我正在尝试在 R 中编写代码来使用 MLP 神经网络预测美元/欧元的汇率我遇到了函数神经网络的问题,它显示错误:

神经元错误[[i]] %*% weights[[i]] :
需要数值/复数矩阵/向量参数

这是我目前写的代码

library(readxl)
ExchangeUSD <- read_excel("C:/Users/GTS/Desktop/ML project/ExchangeUSD.xlsx")
plot(ExchangeUSD$USD)

#traning and test data 
trainset <- ExchangeUSD[1:350,]
testset <- ExchangeUSD[351:500,]

set.seed(12345)
library(neuralnet)
nn <- neuralnet(USD ~ date + Wdy, data = trainset,hidden = 2)

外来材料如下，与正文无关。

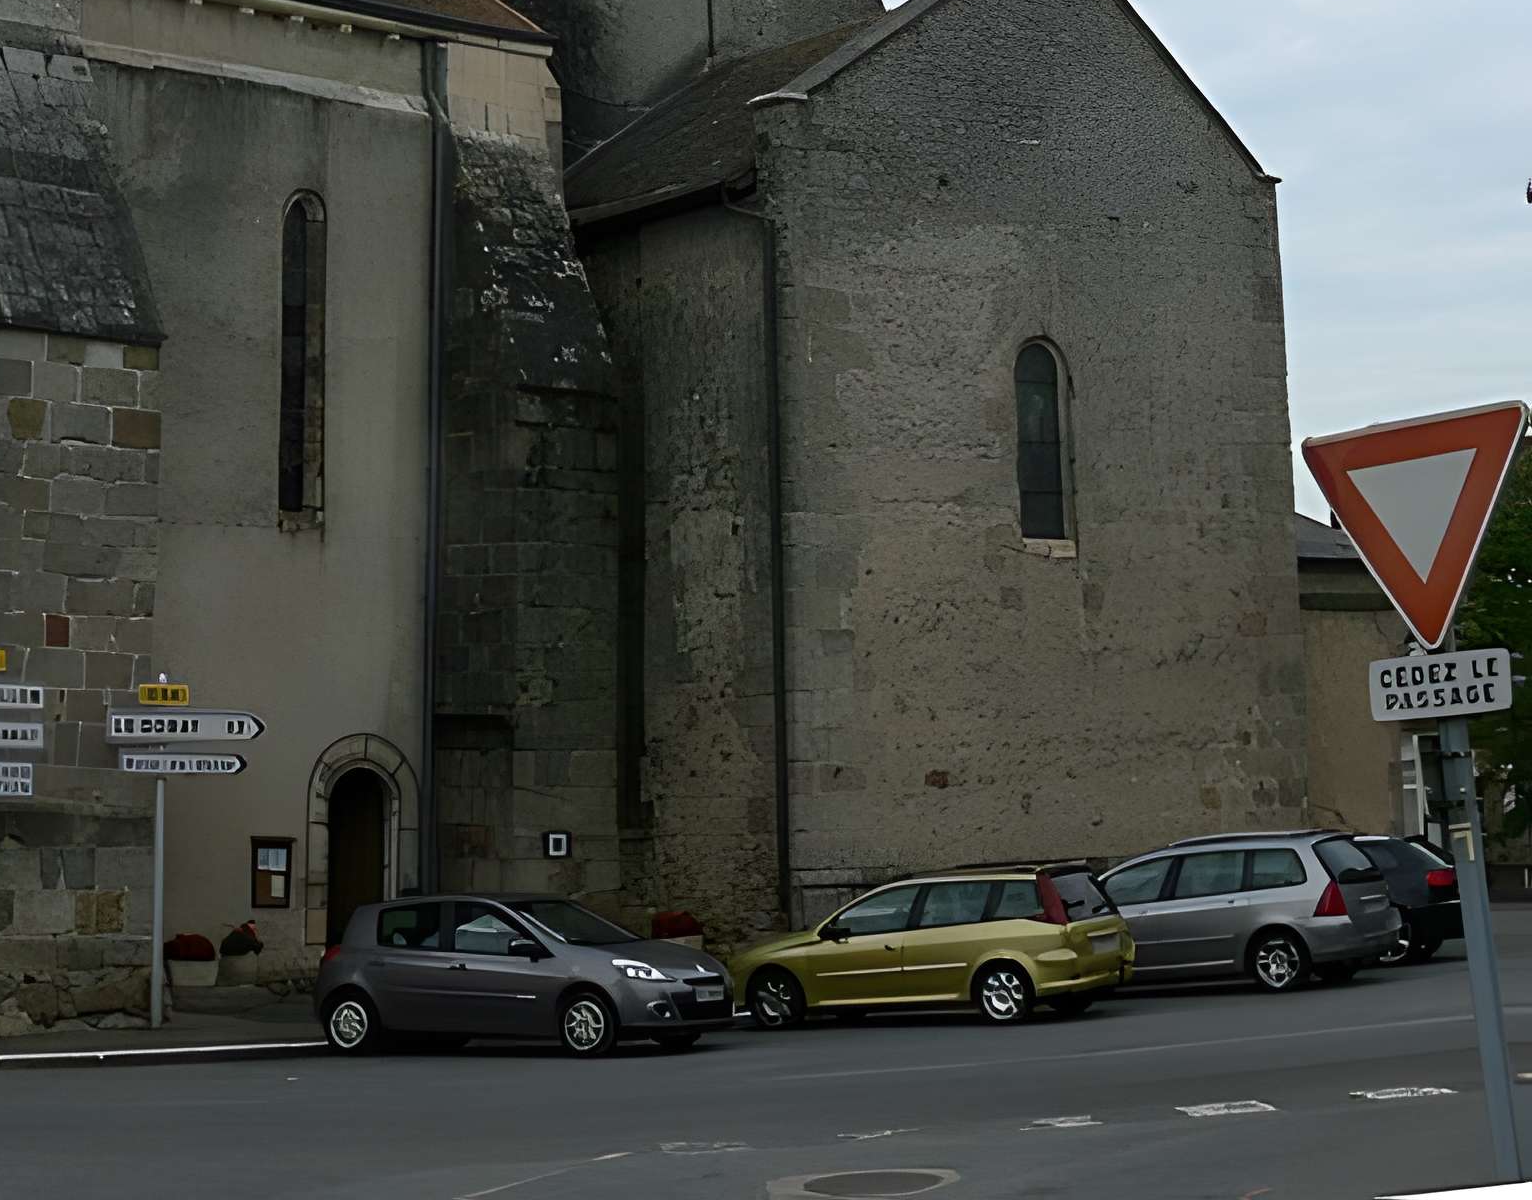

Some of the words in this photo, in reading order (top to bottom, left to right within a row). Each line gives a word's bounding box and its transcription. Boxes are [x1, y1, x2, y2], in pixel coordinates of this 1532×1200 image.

[1380, 662, 1457, 689] CEDEZ
[1471, 657, 1499, 679] LE
[1385, 682, 1496, 711] PASSAGE

数据集包含 500 行和 3 列,第一列是日期,它包含从 2011 年 10 月到 2013 年 10 月的日期(500 个数据)。第二列是 Wdy,它包含疲软的日子,最后一列是 USD,包含货币汇率。这是我的数据集的示例:

【问题讨论】:

    标签: r neural-network mlp


    【解决方案1】:

    对于这种时间序列分析,您可以使用自回归模型。首先,您必须创建滞后输入集并创建一个数据框。在下面的代码块中有 4 个输入集,其中包含一个滞后、两个滞后和三个滞后。(阅读有关自回归模型的更多信息 - [https://otexts.com/fpp2/AR .html][1])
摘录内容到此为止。